- Problem details
Extract all data as written.

- Stored data entries
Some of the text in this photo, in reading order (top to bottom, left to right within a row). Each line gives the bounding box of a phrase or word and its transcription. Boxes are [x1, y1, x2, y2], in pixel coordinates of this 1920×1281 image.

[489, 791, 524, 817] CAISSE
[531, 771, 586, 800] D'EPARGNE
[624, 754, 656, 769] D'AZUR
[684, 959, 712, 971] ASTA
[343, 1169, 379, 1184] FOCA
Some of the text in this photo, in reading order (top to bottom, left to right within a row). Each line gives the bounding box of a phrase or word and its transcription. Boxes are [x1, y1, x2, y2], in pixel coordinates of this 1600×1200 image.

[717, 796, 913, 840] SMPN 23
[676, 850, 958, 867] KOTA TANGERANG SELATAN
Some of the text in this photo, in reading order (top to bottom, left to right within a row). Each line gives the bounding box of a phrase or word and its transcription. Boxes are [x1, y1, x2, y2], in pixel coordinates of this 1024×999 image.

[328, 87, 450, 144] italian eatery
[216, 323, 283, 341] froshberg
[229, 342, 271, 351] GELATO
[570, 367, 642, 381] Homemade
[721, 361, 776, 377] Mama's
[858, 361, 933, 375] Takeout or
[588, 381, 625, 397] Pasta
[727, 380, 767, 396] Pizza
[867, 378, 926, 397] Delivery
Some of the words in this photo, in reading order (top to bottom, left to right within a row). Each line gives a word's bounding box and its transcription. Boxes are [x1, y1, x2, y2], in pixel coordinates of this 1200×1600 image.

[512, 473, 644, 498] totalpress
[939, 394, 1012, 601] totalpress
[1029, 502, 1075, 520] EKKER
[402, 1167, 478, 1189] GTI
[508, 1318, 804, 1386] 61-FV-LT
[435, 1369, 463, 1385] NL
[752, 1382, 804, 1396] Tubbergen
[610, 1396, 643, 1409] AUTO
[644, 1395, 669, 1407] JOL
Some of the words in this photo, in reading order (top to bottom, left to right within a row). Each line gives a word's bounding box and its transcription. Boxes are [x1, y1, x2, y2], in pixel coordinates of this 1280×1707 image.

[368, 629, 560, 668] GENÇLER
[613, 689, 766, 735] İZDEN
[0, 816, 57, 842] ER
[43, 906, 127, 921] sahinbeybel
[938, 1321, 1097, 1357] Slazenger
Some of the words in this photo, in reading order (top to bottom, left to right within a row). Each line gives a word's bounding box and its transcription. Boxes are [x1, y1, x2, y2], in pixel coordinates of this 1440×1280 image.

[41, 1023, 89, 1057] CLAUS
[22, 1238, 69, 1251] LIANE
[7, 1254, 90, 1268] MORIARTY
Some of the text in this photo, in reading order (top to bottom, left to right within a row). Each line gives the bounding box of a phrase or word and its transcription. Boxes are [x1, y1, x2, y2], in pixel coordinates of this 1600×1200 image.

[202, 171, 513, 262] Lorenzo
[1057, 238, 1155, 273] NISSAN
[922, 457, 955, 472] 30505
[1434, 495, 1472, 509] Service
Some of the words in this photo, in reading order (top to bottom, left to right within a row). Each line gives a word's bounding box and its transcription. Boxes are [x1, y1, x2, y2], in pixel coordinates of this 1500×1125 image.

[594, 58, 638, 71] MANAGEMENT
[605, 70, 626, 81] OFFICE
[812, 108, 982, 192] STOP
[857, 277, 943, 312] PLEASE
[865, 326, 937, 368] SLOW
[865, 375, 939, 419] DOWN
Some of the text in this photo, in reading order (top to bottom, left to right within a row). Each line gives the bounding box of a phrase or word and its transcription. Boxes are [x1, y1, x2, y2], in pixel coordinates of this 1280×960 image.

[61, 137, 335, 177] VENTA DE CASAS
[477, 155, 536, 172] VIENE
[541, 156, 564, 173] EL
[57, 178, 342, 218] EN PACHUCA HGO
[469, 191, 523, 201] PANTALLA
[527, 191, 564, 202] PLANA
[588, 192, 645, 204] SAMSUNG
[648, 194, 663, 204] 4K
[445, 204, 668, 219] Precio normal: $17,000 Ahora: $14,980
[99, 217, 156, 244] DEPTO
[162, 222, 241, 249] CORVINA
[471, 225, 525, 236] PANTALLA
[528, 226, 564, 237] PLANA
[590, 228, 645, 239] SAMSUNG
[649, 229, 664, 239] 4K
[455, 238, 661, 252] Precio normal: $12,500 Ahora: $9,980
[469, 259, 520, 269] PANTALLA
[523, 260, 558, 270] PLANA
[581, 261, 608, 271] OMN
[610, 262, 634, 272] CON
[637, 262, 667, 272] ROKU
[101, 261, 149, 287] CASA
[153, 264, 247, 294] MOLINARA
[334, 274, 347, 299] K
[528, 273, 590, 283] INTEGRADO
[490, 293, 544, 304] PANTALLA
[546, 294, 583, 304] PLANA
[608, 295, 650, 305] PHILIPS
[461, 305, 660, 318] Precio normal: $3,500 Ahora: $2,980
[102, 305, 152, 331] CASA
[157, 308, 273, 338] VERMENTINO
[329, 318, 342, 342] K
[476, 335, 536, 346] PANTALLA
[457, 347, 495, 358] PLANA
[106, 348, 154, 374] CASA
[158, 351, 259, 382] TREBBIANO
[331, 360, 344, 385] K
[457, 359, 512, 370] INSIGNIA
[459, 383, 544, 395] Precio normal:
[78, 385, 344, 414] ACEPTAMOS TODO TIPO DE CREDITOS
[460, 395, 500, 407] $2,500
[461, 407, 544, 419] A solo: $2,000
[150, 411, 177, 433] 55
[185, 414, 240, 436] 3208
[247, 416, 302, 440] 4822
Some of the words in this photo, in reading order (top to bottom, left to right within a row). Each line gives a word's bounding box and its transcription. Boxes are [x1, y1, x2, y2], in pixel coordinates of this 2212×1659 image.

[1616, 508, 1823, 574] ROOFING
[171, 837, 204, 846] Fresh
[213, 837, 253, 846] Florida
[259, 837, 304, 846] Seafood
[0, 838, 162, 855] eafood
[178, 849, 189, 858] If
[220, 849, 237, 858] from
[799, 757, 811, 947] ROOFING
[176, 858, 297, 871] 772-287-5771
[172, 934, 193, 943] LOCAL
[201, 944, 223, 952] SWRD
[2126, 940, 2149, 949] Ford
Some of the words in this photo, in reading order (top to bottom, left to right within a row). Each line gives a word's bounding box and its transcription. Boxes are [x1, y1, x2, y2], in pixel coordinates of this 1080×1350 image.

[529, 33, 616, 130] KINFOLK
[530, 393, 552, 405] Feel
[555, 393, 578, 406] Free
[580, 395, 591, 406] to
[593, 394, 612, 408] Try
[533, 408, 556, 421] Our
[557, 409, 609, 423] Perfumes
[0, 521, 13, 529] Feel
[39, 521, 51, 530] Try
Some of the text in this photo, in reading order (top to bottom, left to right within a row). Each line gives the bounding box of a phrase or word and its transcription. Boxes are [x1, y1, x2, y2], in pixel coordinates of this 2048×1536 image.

- Response to this exercise
Some of the text in this photo, in reading order (top to bottom, left to right within a row). Each line gives the bounding box of a phrase or word and its transcription. Boxes are [x1, y1, x2, y2], in pixel coordinates of this 1920×1281 image.

[489, 791, 524, 817] CAISSE
[531, 771, 586, 800] D'EPARGNE
[624, 754, 656, 769] D'AZUR
[684, 959, 712, 971] ASTA
[343, 1169, 379, 1184] FOCA
Some of the text in this photo, in reading order (top to bottom, left to right within a row). Each line gives the bounding box of a phrase or word and its transcription. Boxes are [x1, y1, x2, y2], in pixel coordinates of this 1600×1200 image.

[717, 796, 913, 840] SMPN 23
[676, 850, 958, 867] KOTA TANGERANG SELATAN
Some of the text in this photo, in reading order (top to bottom, left to right within a row). Each line gives the bounding box of a phrase or word and its transcription. Boxes are [x1, y1, x2, y2], in pixel coordinates of this 1024×999 image.

[328, 87, 450, 144] italian eatery
[216, 323, 283, 341] froshberg
[229, 342, 271, 351] GELATO
[570, 367, 642, 381] Homemade
[721, 361, 776, 377] Mama's
[858, 361, 933, 375] Takeout or
[588, 381, 625, 397] Pasta
[727, 380, 767, 396] Pizza
[867, 378, 926, 397] Delivery
Some of the words in this photo, in reading order (top to bottom, left to right within a row). Each line gives a word's bounding box and its transcription. Boxes are [x1, y1, x2, y2], in pixel coordinates of this 1200×1600 image.

[512, 473, 644, 498] totalpress
[939, 394, 1012, 601] totalpress
[1029, 502, 1075, 520] EKKER
[402, 1167, 478, 1189] GTI
[508, 1318, 804, 1386] 61-FV-LT
[435, 1369, 463, 1385] NL
[752, 1382, 804, 1396] Tubbergen
[610, 1396, 643, 1409] AUTO
[644, 1395, 669, 1407] JOL
Some of the words in this photo, in reading order (top to bottom, left to right within a row). Each line gives a word's bounding box and its transcription. Boxes are [x1, y1, x2, y2], in pixel coordinates of this 1280×1707 image.

[368, 629, 560, 668] GENÇLER
[613, 689, 766, 735] İZDEN
[0, 816, 57, 842] ER
[43, 906, 127, 921] sahinbeybel
[938, 1321, 1097, 1357] Slazenger
Some of the words in this photo, in reading order (top to bottom, left to right within a row). Each line gives a word's bounding box and its transcription. Boxes are [x1, y1, x2, y2], in pixel coordinates of this 1440×1280 image.

[41, 1023, 89, 1057] CLAUS
[22, 1238, 69, 1251] LIANE
[7, 1254, 90, 1268] MORIARTY
Some of the text in this photo, in reading order (top to bottom, left to right within a row). Each line gives the bounding box of a phrase or word and its transcription. Boxes are [x1, y1, x2, y2], in pixel coordinates of this 1600×1200 image.

[202, 171, 513, 262] Lorenzo
[1057, 238, 1155, 273] NISSAN
[922, 457, 955, 472] 30505
[1434, 495, 1472, 509] Service
Some of the words in this photo, in reading order (top to bottom, left to right within a row). Each line gives a word's bounding box and its transcription. Boxes are [x1, y1, x2, y2], in pixel coordinates of this 1500×1125 image.

[594, 58, 638, 71] MANAGEMENT
[605, 70, 626, 81] OFFICE
[812, 108, 982, 192] STOP
[857, 277, 943, 312] PLEASE
[865, 326, 937, 368] SLOW
[865, 375, 939, 419] DOWN
Some of the text in this photo, in reading order (top to bottom, left to right within a row). Each line gives the bounding box of a phrase or word and its transcription. Boxes are [x1, y1, x2, y2], in pixel coordinates of this 1280×960 image.

[61, 137, 335, 177] VENTA DE CASAS
[477, 155, 536, 172] VIENE
[541, 156, 564, 173] EL
[57, 178, 342, 218] EN PACHUCA HGO
[469, 191, 523, 201] PANTALLA
[527, 191, 564, 202] PLANA
[588, 192, 645, 204] SAMSUNG
[648, 194, 663, 204] 4K
[445, 204, 668, 219] Precio normal: $17,000 Ahora: $14,980
[99, 217, 156, 244] DEPTO
[162, 222, 241, 249] CORVINA
[471, 225, 525, 236] PANTALLA
[528, 226, 564, 237] PLANA
[590, 228, 645, 239] SAMSUNG
[649, 229, 664, 239] 4K
[455, 238, 661, 252] Precio normal: $12,500 Ahora: $9,980
[469, 259, 520, 269] PANTALLA
[523, 260, 558, 270] PLANA
[581, 261, 608, 271] OMN
[610, 262, 634, 272] CON
[637, 262, 667, 272] ROKU
[101, 261, 149, 287] CASA
[153, 264, 247, 294] MOLINARA
[334, 274, 347, 299] K
[528, 273, 590, 283] INTEGRADO
[490, 293, 544, 304] PANTALLA
[546, 294, 583, 304] PLANA
[608, 295, 650, 305] PHILIPS
[461, 305, 660, 318] Precio normal: $3,500 Ahora: $2,980
[102, 305, 152, 331] CASA
[157, 308, 273, 338] VERMENTINO
[329, 318, 342, 342] K
[476, 335, 536, 346] PANTALLA
[457, 347, 495, 358] PLANA
[106, 348, 154, 374] CASA
[158, 351, 259, 382] TREBBIANO
[331, 360, 344, 385] K
[457, 359, 512, 370] INSIGNIA
[459, 383, 544, 395] Precio normal:
[78, 385, 344, 414] ACEPTAMOS TODO TIPO DE CREDITOS
[460, 395, 500, 407] $2,500
[461, 407, 544, 419] A solo: $2,000
[150, 411, 177, 433] 55
[185, 414, 240, 436] 3208
[247, 416, 302, 440] 4822
Some of the words in this photo, in reading order (top to bottom, left to right within a row). Each line gives a word's bounding box and its transcription. Boxes are [x1, y1, x2, y2], in pixel coordinates of this 2212×1659 image.

[1616, 508, 1823, 574] ROOFING
[171, 837, 204, 846] Fresh
[213, 837, 253, 846] Florida
[259, 837, 304, 846] Seafood
[0, 838, 162, 855] eafood
[178, 849, 189, 858] If
[220, 849, 237, 858] from
[799, 757, 811, 947] ROOFING
[176, 858, 297, 871] 772-287-5771
[172, 934, 193, 943] LOCAL
[201, 944, 223, 952] SWRD
[2126, 940, 2149, 949] Ford
Some of the words in this photo, in reading order (top to bottom, left to right within a row). Each line gives a word's bounding box and its transcription. Boxes are [x1, y1, x2, y2], in pixel coordinates of this 1080×1350 image.

[529, 33, 616, 130] KINFOLK
[530, 393, 552, 405] Feel
[555, 393, 578, 406] Free
[580, 395, 591, 406] to
[593, 394, 612, 408] Try
[533, 408, 556, 421] Our
[557, 409, 609, 423] Perfumes
[0, 521, 13, 529] Feel
[39, 521, 51, 530] Try
Some of the text in this photo, in reading order (top to bottom, left to right within a row). Each line gives the bounding box of a phrase or word and its transcription. Boxes are [x1, y1, x2, y2], in pixel coordinates of this 2048×1536 image.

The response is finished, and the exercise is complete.